Stress makes people stupid. More accurately, people under stress make bad decisions. They get brain fog and lose focus. Their thinking becomes inflexible, clogged. Even their memory and reaction times falter.
Stress can be acute or chronic. Losing sleep is a stressor. Multitasking is a stressor. Your workouts are stressors, even if you enjoy them. Big life changes and tragedies can stress you out for months or years, but so can a bad day at work. Even extreme temperature changes (hot or cold) are stressors.
Stress is a downward spiral. It leads to cognitive impairment, which leads to bad choices, which lead to even more stress. How all that works is fascinating, and luckily, there's a way to become more resilient to stress and its negative effects.

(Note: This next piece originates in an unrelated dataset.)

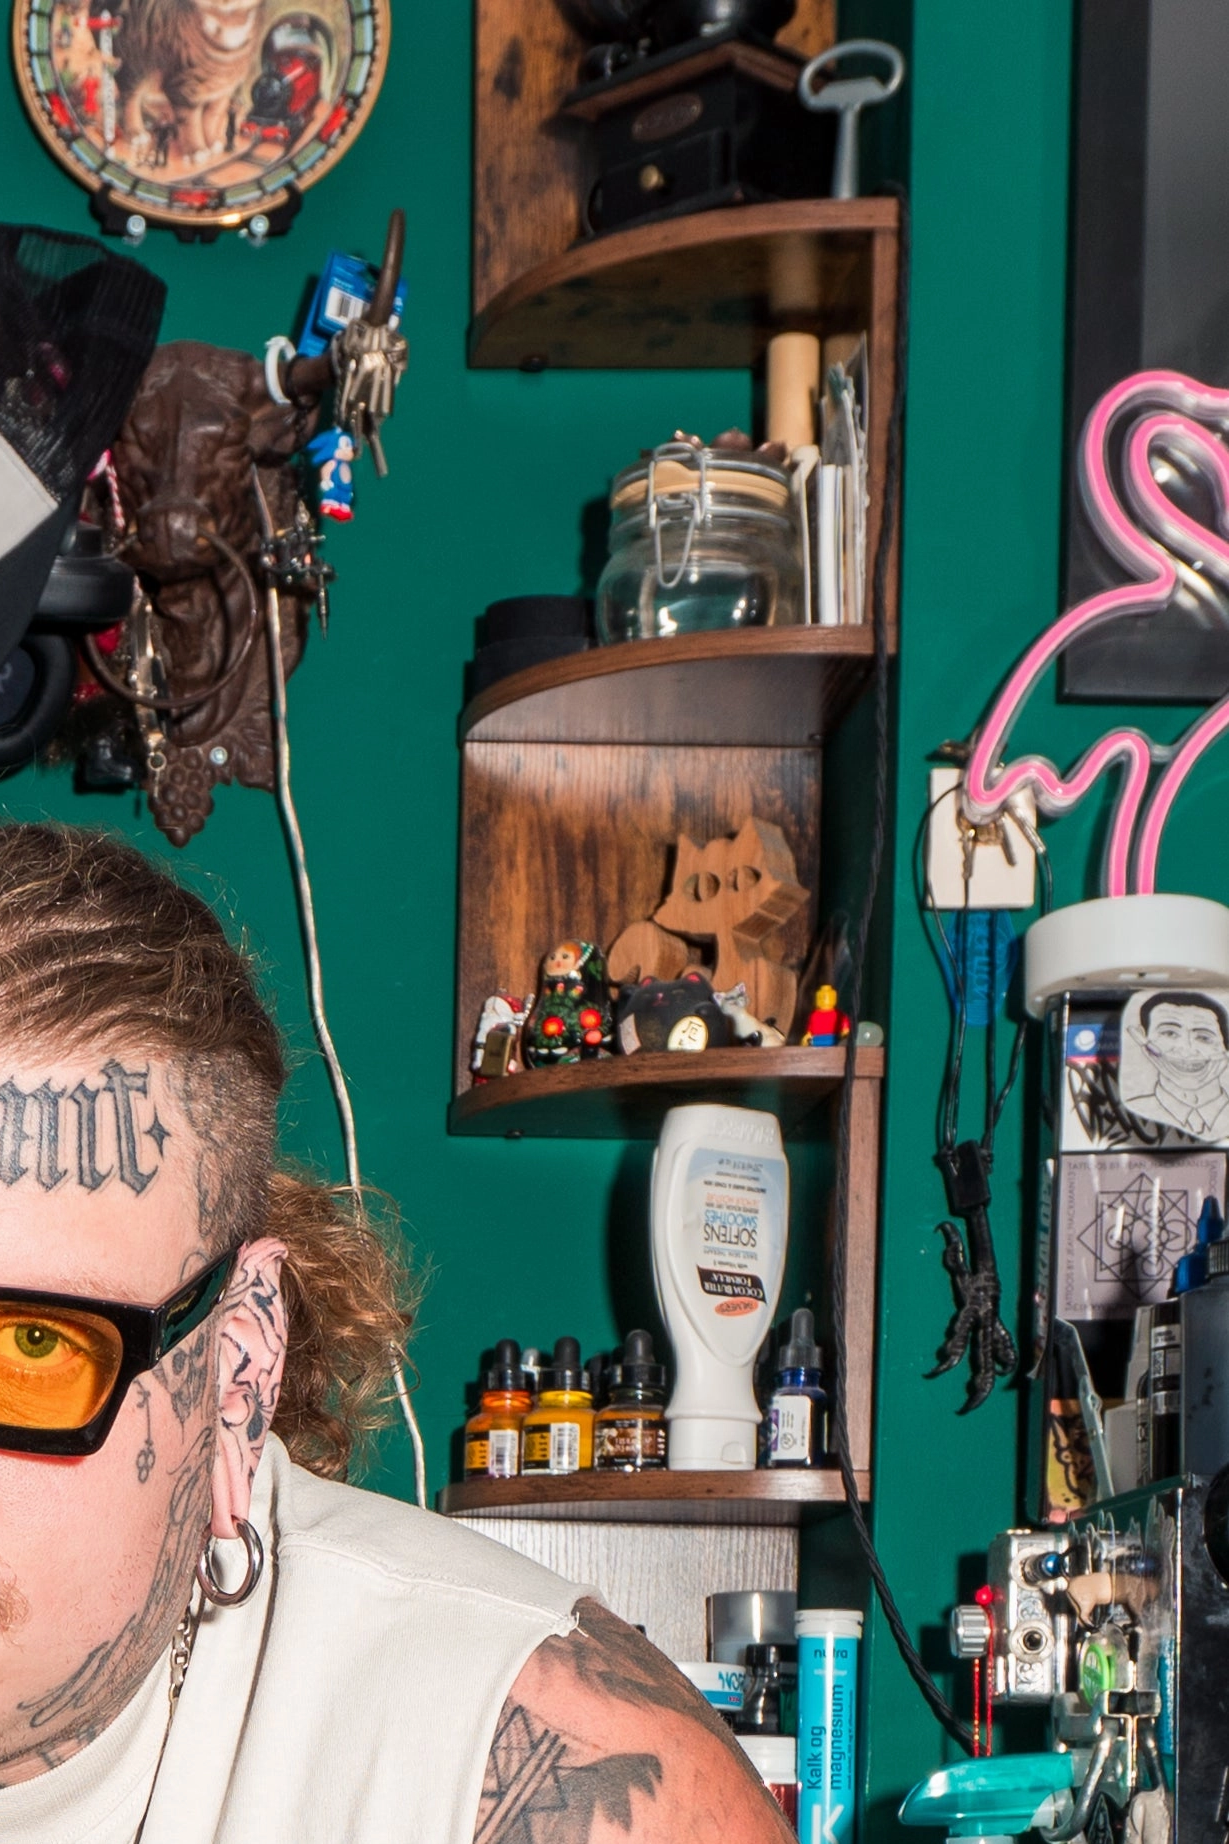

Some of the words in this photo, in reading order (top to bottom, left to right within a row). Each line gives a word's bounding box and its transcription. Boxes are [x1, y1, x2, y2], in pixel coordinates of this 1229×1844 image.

[703, 1222, 758, 1248] SOFTENS
[811, 1725, 827, 1749] og
[807, 1752, 823, 1790] Kalk

The Catecholamine Connection
Catecholamines are stress-related neurotransmitters and hormones. You know them as dopamine, norepinephrine, and epinephrine:
- Dopamine: Motivation, reward, focus
- Norepinephrine (noradrenaline): Attention, arousal, vigilance
- Epinephrine (adrenaline): Energy, fight-or-flight
Under acute stress, your body's fight-or-flight system dumps large amounts of norepinephrine and epinephrine, which quickly drain neurotransmitter stores. Neurons fire more intensely, and if production can't keep up, signaling weakens. This leads to brain fog, reduced working memory, and slower reaction times.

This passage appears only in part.